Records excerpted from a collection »
- Opening Delimiter -

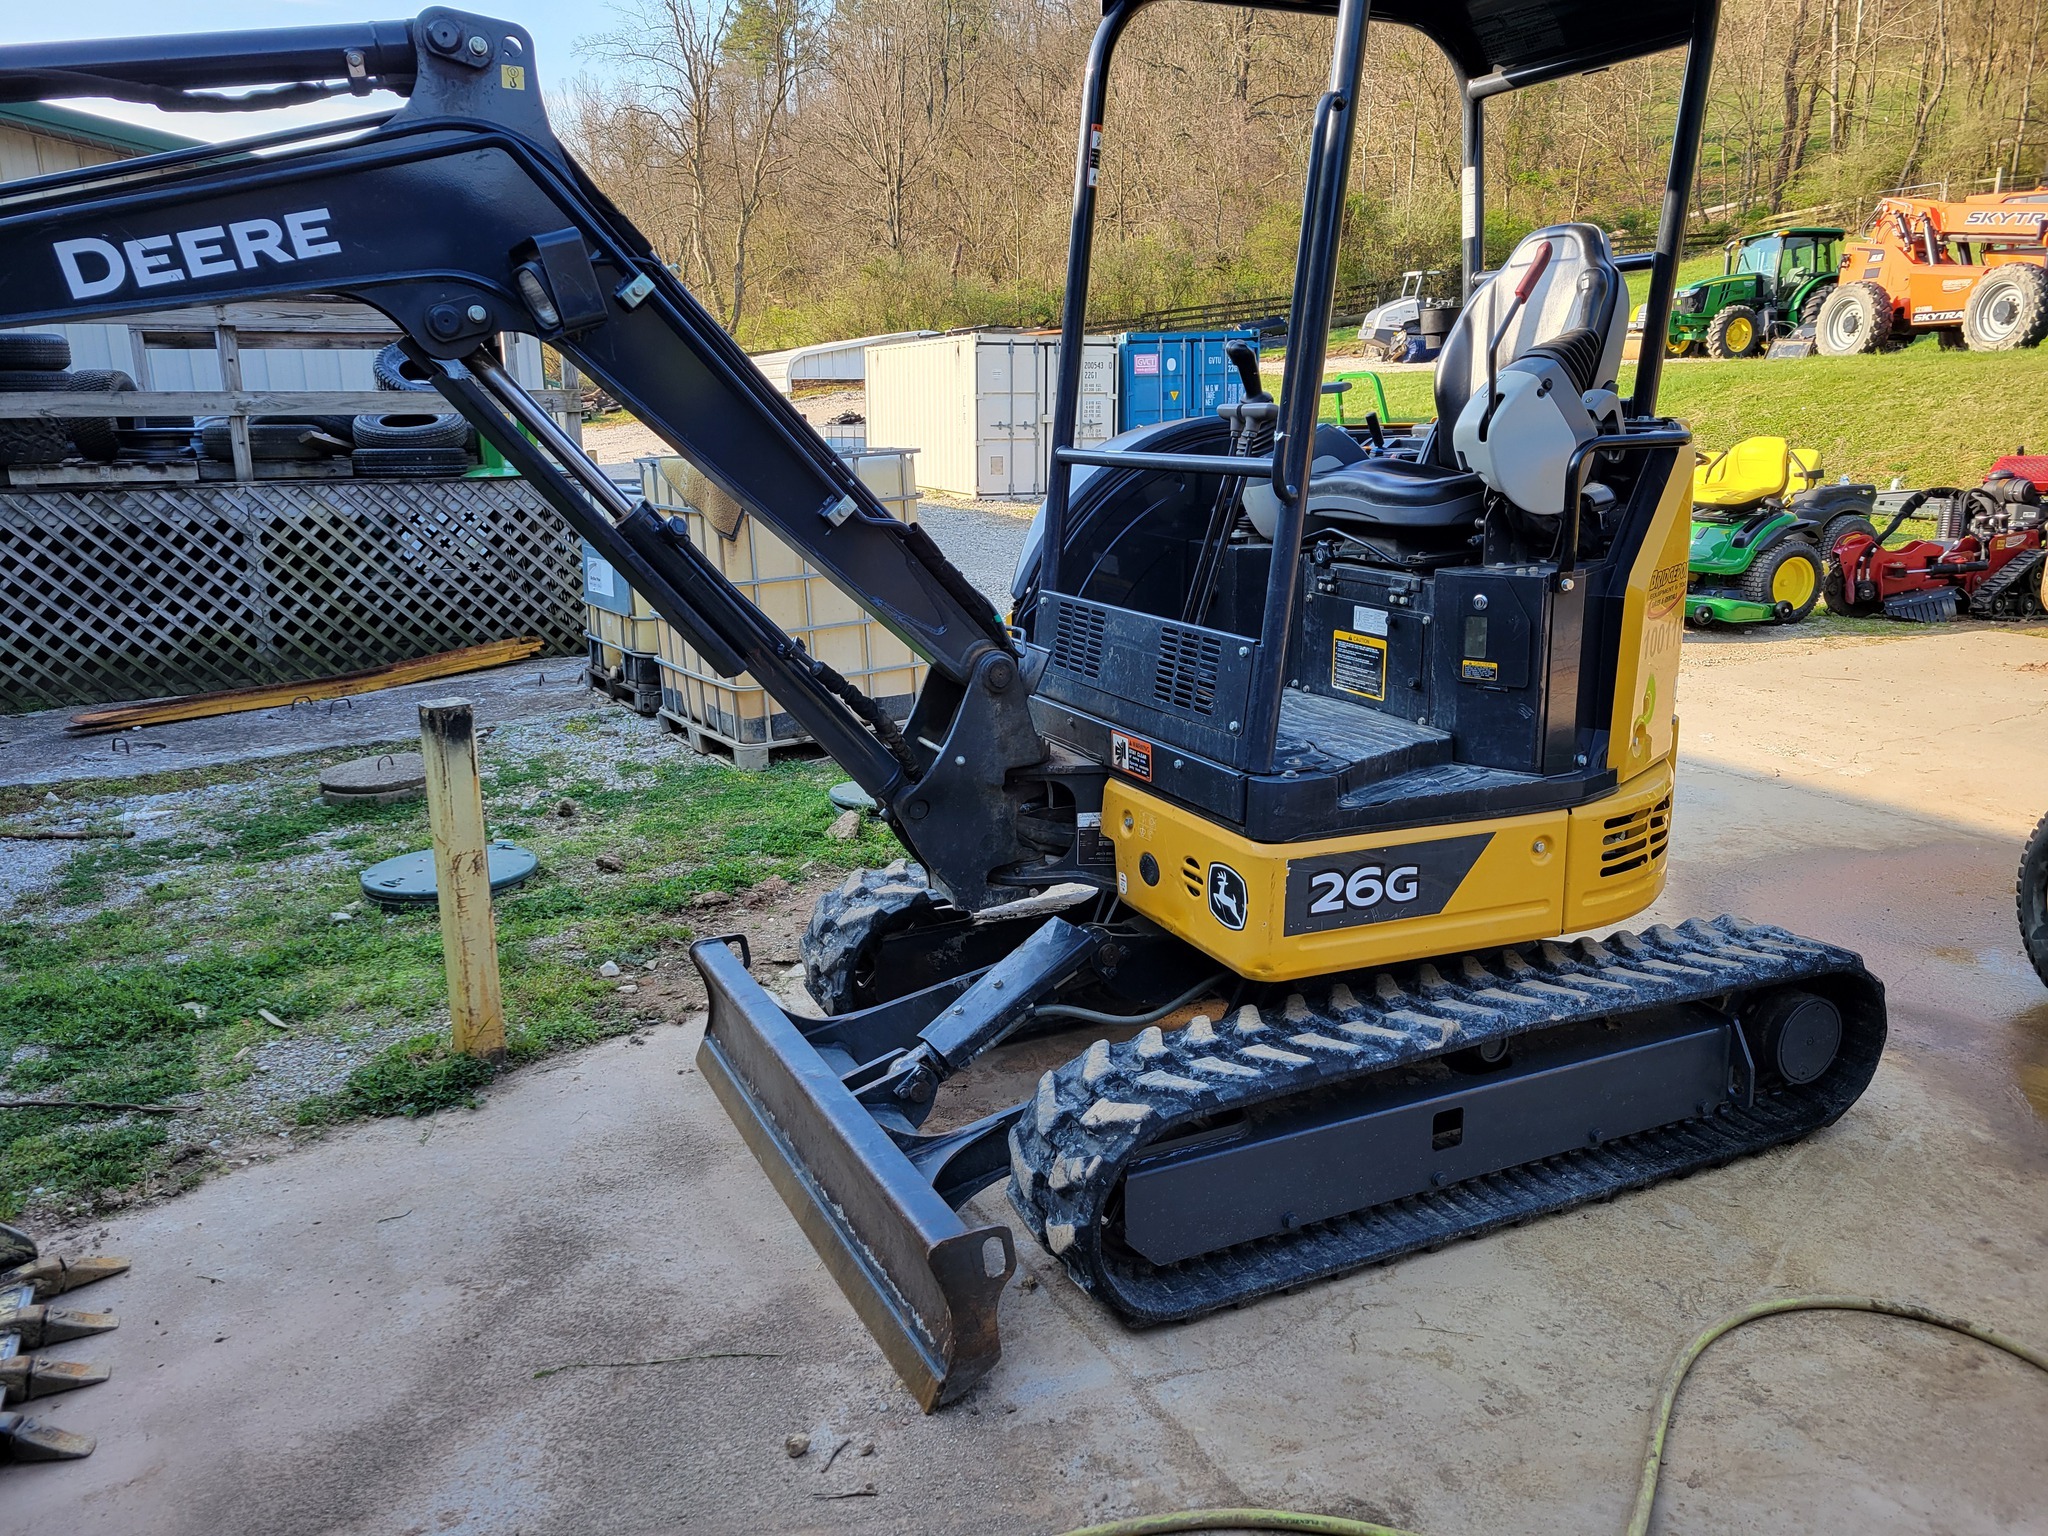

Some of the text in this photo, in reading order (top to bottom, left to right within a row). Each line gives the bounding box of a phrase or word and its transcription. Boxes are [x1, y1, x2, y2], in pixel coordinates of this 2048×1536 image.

[53, 208, 342, 300] DEERE
[1084, 361, 1104, 370] 200543
[1208, 357, 1222, 365] GVTU
[1353, 636, 1370, 645] CAUTION
[1309, 865, 1419, 915] 26G

- Closing Delimiter -

EXERCISE DETAILS » Your task is to repeat the records exactly. Images do not belong in the copy.

RESULT OF THE EXERCISE »
Some of the text in this photo, in reading order (top to bottom, left to right within a row). Each line gives the bounding box of a phrase or word and its transcription. Boxes are [x1, y1, x2, y2], in pixel coordinates of this 2048×1536 image.

[53, 208, 342, 300] DEERE
[1084, 361, 1104, 370] 200543
[1208, 357, 1222, 365] GVTU
[1353, 636, 1370, 645] CAUTION
[1309, 865, 1419, 915] 26G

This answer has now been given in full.